# Emotion detection in text

We will use Neattext and Scikit-learn to build our model. Neattext is a Python library used to preprocess our dataset. Neattext will clean the text dataset by removing stop words and other noise.

source: https://www.section.io/engineering-education/nlp-based-detection-model-using-neattext-and-scikit-learn/

## 1. Exploring the dataset

In [1]:
import pandas as pd
import numpy as np

In [2]:
df = pd.read_csv("7_emotion.csv")

In [3]:
df.head()

Unnamed: 0,Emotion,Text
0,neutral,Why ?
1,joy,Sage Act upgrade on my to do list for tommorow.
2,sadness,ON THE WAY TO MY HOMEGIRL BABY FUNERAL!!! MAN ...
3,joy,Such an eye ! The true hazel eye-and so brill...
4,joy,@Iluvmiasantos ugh babe.. hugggzzz for u .! b...


In [4]:
df['Emotion'].value_counts()

joy         11045
sadness      6722
fear         5410
anger        4297
surprise     4062
neutral      2254
disgust       856
shame         146
Name: Emotion, dtype: int64

In [5]:
# drop 'shame'
df.drop(df[df.Emotion == 'shame'].index, inplace=True)

In [6]:
df['Emotion'].value_counts()

joy         11045
sadness      6722
fear         5410
anger        4297
surprise     4062
neutral      2254
disgust       856
Name: Emotion, dtype: int64

## 2. Pre-processing 

In [53]:
# Justin
'''neutral
fear
angry
sad
happy
surprise
disgust'''

'neutral\nfear\nangry\nsad\nhappy\nsurprise\ndisgust'

In [5]:
#!pip install neattext



In [7]:
import neattext.functions as nfx

To use neattext, we list all the methods and attributes used by neattext for data cleaning.

In [71]:
dir(nfx)

['BTC_ADDRESS_REGEX',
 'CURRENCY_REGEX',
 'CURRENCY_SYMB_REGEX',
 'Counter',
 'DATE_REGEX',
 'EMAIL_REGEX',
 'EMOJI_REGEX',
 'HASTAG_REGEX',
 'MASTERCard_REGEX',
 'MD5_SHA_REGEX',
 'MOST_COMMON_PUNCT_REGEX',
 'NUMBERS_REGEX',
 'PHONE_REGEX',
 'PoBOX_REGEX',
 'SPECIAL_CHARACTERS_REGEX',
 'STOPWORDS',
 'STOPWORDS_de',
 'STOPWORDS_en',
 'STOPWORDS_es',
 'STOPWORDS_fr',
 'STOPWORDS_ru',
 'STOPWORDS_yo',
 'STREET_ADDRESS_REGEX',
 'TextFrame',
 'URL_PATTERN',
 'USER_HANDLES_REGEX',
 'VISACard_REGEX',
 '__builtins__',
 '__cached__',
 '__doc__',
 '__file__',
 '__generate_text',
 '__loader__',
 '__name__',
 '__numbers_dict',
 '__package__',
 '__spec__',
 '_lex_richness_herdan',
 '_lex_richness_maas_ttr',
 'clean_text',
 'defaultdict',
 'digit2words',
 'extract_btc_address',
 'extract_currencies',
 'extract_currency_symbols',
 'extract_dates',
 'extract_emails',
 'extract_emojis',
 'extract_hashtags',
 'extract_html_tags',
 'extract_mastercard_addr',
 'extract_md5sha',
 'extract_numbers',
 'extr

We are interested in only two methods from the list, the remove_stopwords and remove_userhandles.
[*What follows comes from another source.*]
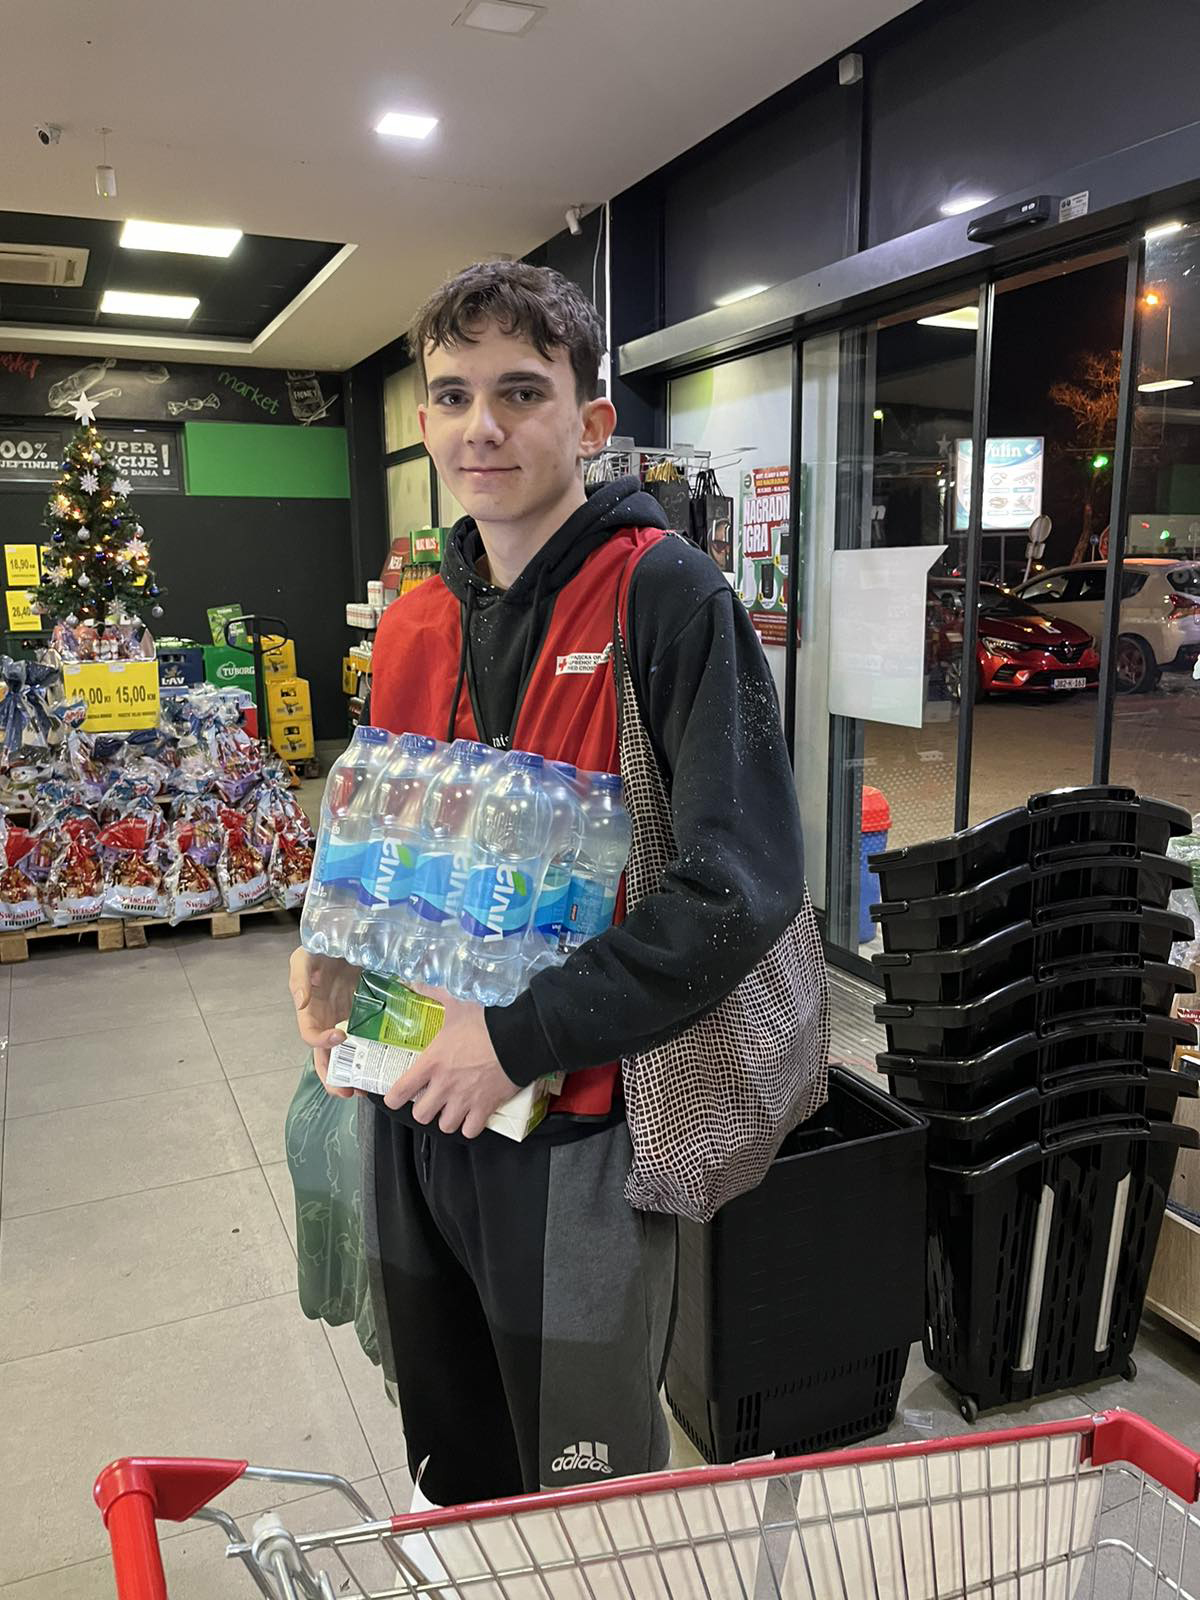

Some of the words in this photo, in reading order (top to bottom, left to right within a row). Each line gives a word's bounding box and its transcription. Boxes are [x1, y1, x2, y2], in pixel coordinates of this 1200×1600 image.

The dataset contains some Twitter handles of different users. These handles are unnecessary and considered as noise to our dataset. We use the remove_userhandles method to remove them from our dataset. We use the apply() method to add remove_userhandles. We save the cleaned dataset into a new column named Clean_Text.

In [8]:
# user handles
df['Clean_Text'] = df['Text'].apply(nfx.remove_userhandles)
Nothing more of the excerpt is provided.